Her mother, also in her 80s, went into rehabilitation. "During that time, my dad really couldn't stay at home by himself, so my brother and I had to stay with him, but I also had to work," explains Davies, who didn't take the traditional route of contacting her employee assistance program for eldercare advice.
Davies' experience at UPS reflects how employers are recognizing that workers who are caring for an aging relative need an array of options to successfully manage professional and family responsibilities. Yet in offering eldercare programs and services, employers may sometimes struggle in communicating those efforts to their workforce.
Spreading the word
Even though companies have eldercare programs and services, employees do not always know about them, says Kathleen O'Brien, senior gerontologist with MetLife Mature Market Institute.
The Connecticut-based institute, which studies retirement and aging issues, conducted a survey of employees who were caregivers that worked at three Fortune 500 companies offering robust eldercare benefits.
"Two-thirds of the respondents did not know that the employer had those programs," says O'Brien.
"The company may announce the services, but people are not thinking about them when they are announced, and when they become a caregiver, it's not upfront anymore."
The implication for employers is to increase employees' knowledge about eldercare services.

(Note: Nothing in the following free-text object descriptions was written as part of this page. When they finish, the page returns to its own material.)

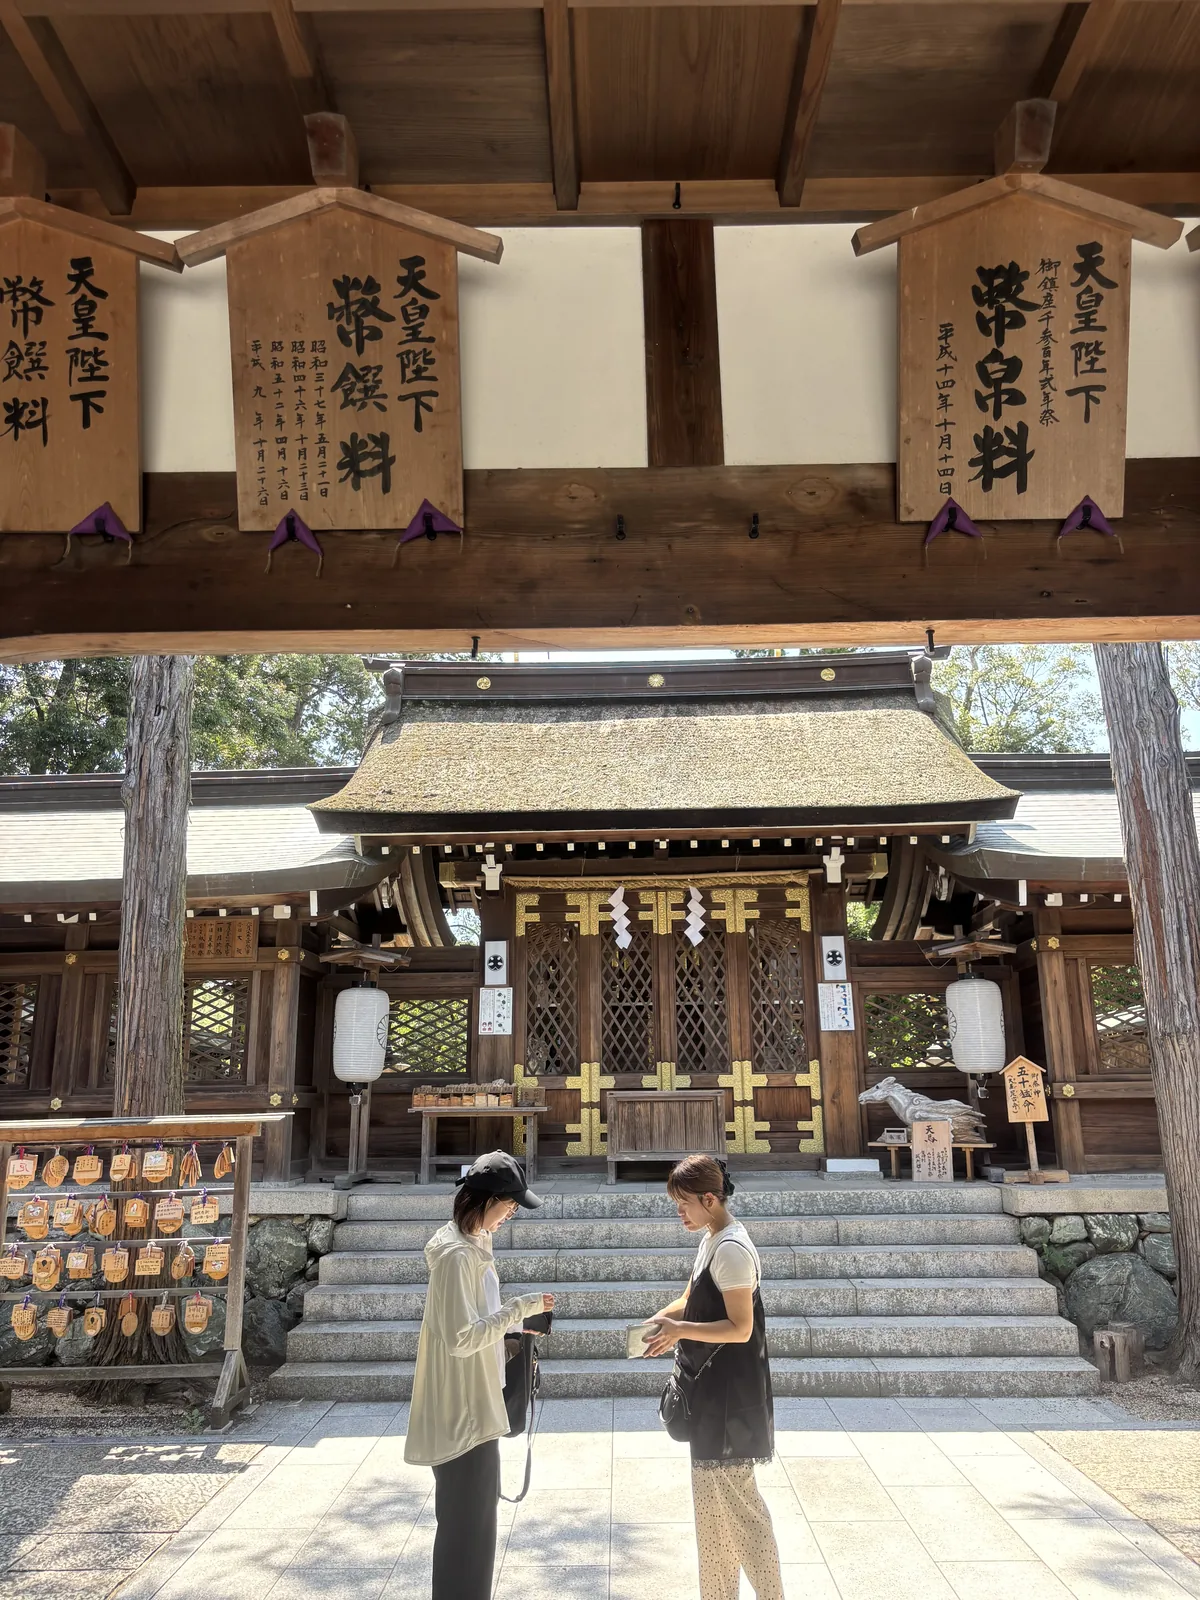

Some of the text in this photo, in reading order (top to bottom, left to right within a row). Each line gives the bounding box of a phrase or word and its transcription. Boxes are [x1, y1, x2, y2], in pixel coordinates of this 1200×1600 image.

[65, 256, 109, 430] 天皇陛下
[309, 340, 330, 498] 昭和三十七年五月二十一日
[327, 273, 396, 495] 幣饌料
[393, 255, 441, 433] 天皇陛下
[935, 322, 957, 496] 平成十四年十月十四日
[967, 260, 1041, 495] 幣帛料
[1065, 241, 1119, 424] 天皇陛下
[270, 341, 290, 501] 昭和五十二年四月十六日
[291, 340, 309, 501] 昭和四十六年十月二十三日
[1017, 1066, 1034, 1113] 五十猛命

Citing research from the Society for Human Resource Management, O'Brien says about 11% of employers train their middle managers about caregiving programs and how to work with employees using those services.

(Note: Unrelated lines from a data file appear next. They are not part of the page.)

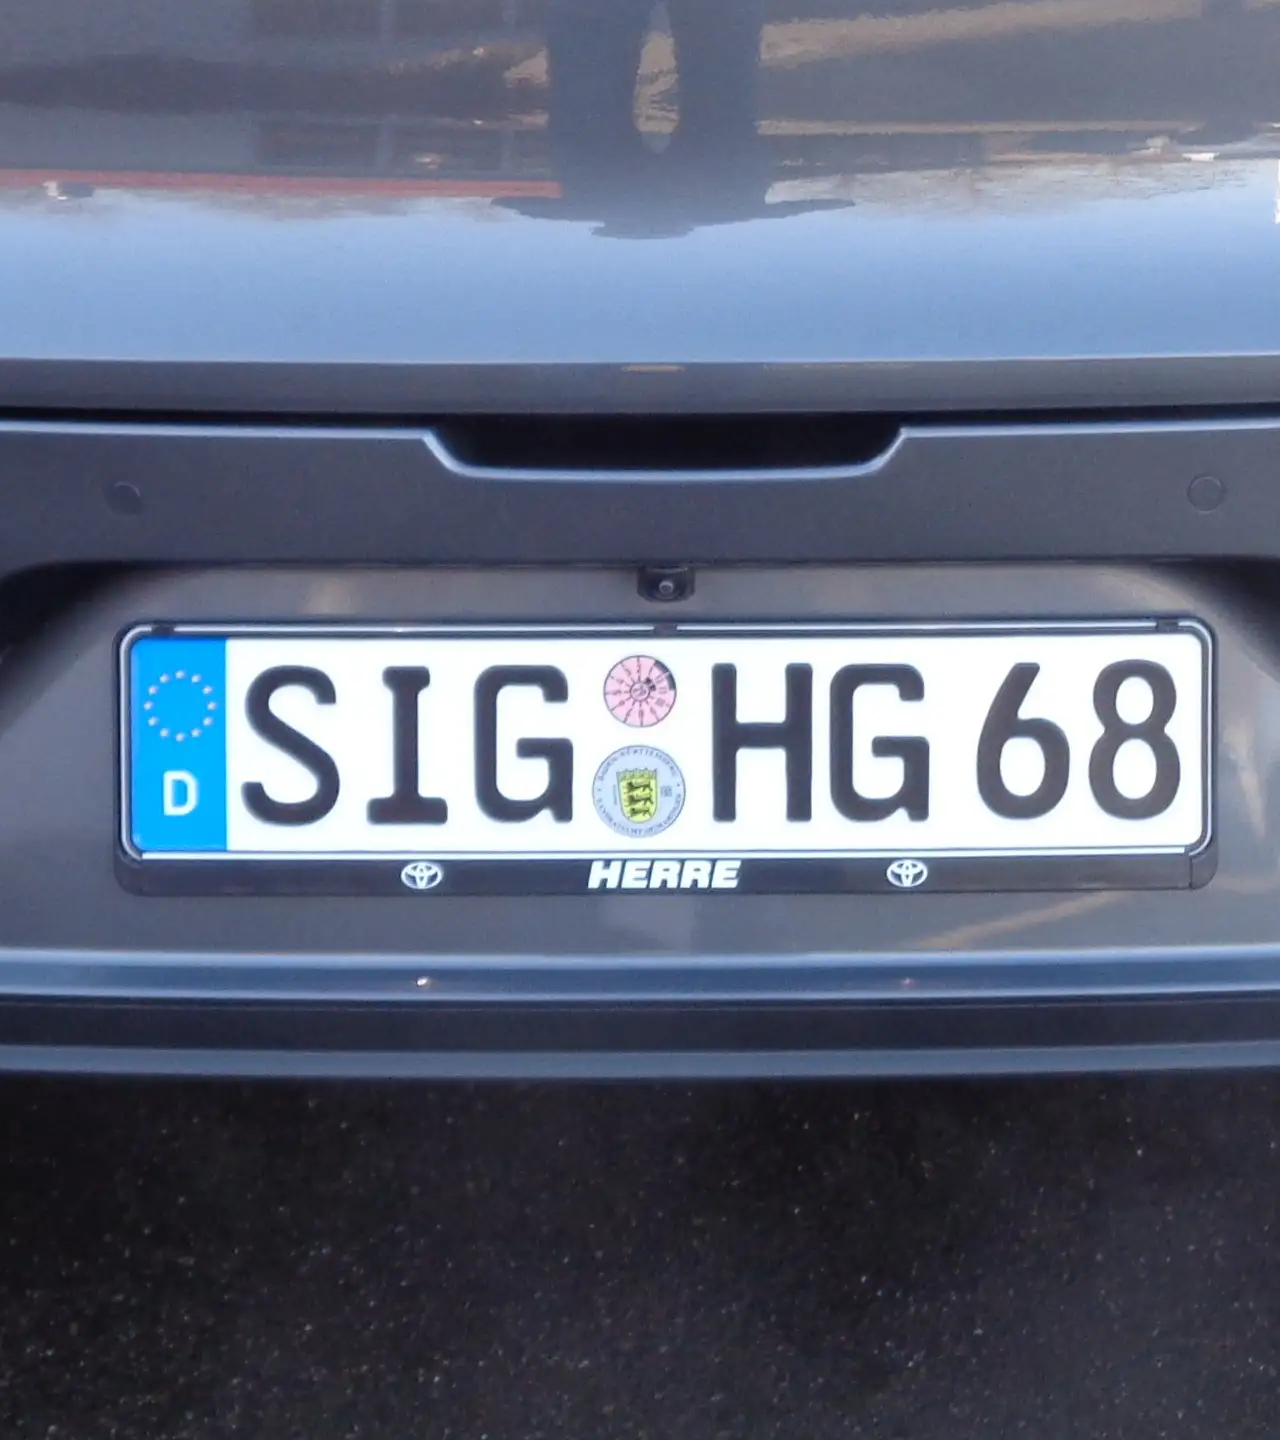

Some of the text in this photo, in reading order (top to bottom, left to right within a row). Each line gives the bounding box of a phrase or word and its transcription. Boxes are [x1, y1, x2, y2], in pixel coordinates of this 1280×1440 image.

[243, 663, 574, 827] SIG
[710, 661, 931, 824] HG
[974, 657, 1182, 822] 68
[162, 770, 197, 817] D
[587, 859, 743, 889] HERRE

Research from the institute also shows nearly 63% of all caregivers ages 51 to 64 work, with most employed full-time. About 75% of them are the primary caregiver. In addition, male and female children of aging parents alter their work schedules to accommodate caregiving responsibilities.

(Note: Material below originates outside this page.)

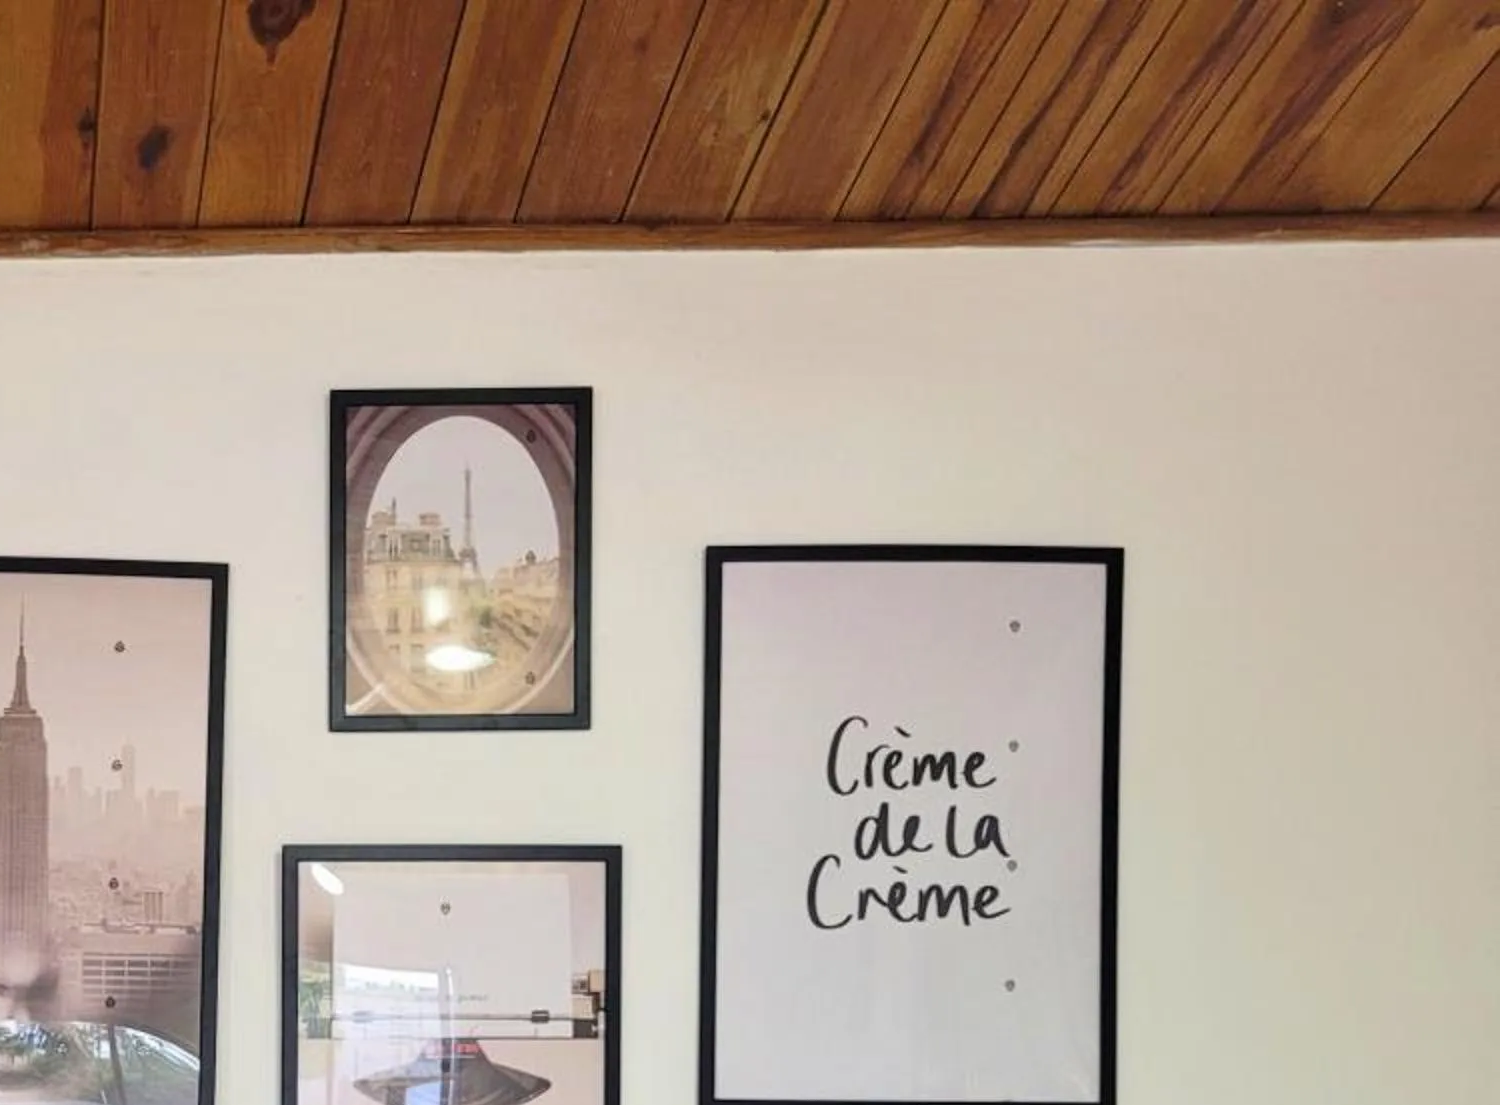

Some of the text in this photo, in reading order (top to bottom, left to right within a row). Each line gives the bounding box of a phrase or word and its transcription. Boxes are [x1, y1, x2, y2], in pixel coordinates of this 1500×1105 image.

[826, 715, 997, 796] Crème
[854, 801, 1012, 861] de la
[806, 853, 1012, 930] Crème

For instance, 54% of men and 56% of women have modified their work schedules, with 78% of men and 84% of women coming in late and/or leaving early. In addition, 38% of men and 27% of women have altered their work-related travel.
Bottom-line implications
More employers are starting to understand the financial toll eldercare may have on their bottom line, O'Brien confirms.
In 2006, the MetLife Mature Market Institute and the National Alliance for Caregiving reported that U.S. companies pay between $17.1 billion and $33.6 billion annually in lost productivity due to caregiving, depending on the level of caregiving involved. That equals $2,110 for every full-time worker who cares for an adult relative, notes AARP.
Historically, most eldercare services offered in the workplace resembled the childcare benefit model in terms of offering information and referrals to agencies that could help workers who were caregivers.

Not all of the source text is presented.